# [GIVEN ENTRIES]
▶

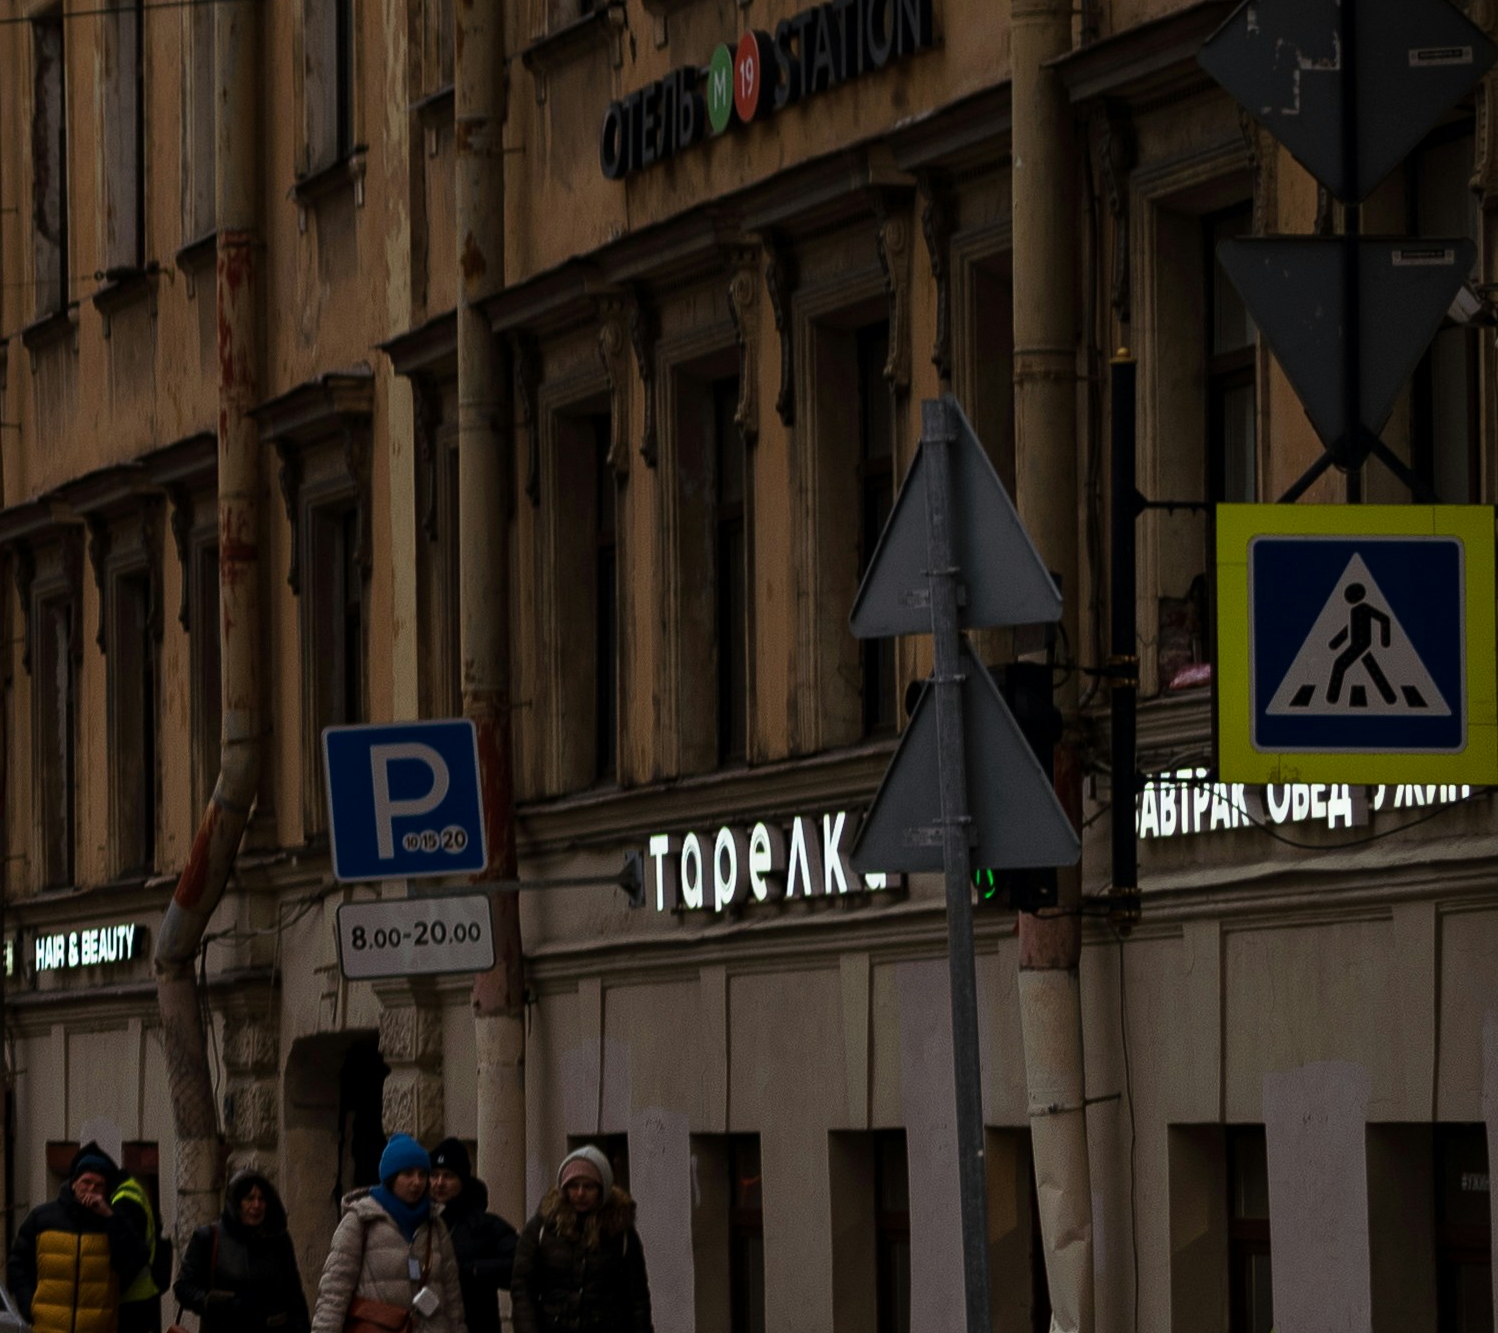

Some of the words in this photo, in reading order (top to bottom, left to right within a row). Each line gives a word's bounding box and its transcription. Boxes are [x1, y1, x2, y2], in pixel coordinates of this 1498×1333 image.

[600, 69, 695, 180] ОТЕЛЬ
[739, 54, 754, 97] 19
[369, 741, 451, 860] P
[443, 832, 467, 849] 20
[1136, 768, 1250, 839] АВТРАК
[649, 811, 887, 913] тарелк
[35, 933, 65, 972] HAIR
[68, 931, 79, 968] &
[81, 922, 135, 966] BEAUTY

◀

# [WHAT THE EXERCISE ASKS]
Print the whole listing above exactly, and keep every picture out of the copy.

# [RESULT FOR THIS EXERCISE]
Some of the words in this photo, in reading order (top to bottom, left to right within a row). Each line gives a word's bounding box and its transcription. Boxes are [x1, y1, x2, y2], in pixel coordinates of this 1498×1333 image.

[600, 69, 695, 180] ОТЕЛЬ
[739, 54, 754, 97] 19
[369, 741, 451, 860] P
[443, 832, 467, 849] 20
[1136, 768, 1250, 839] АВТРАК
[649, 811, 887, 913] тарелк
[35, 933, 65, 972] HAIR
[68, 931, 79, 968] &
[81, 922, 135, 966] BEAUTY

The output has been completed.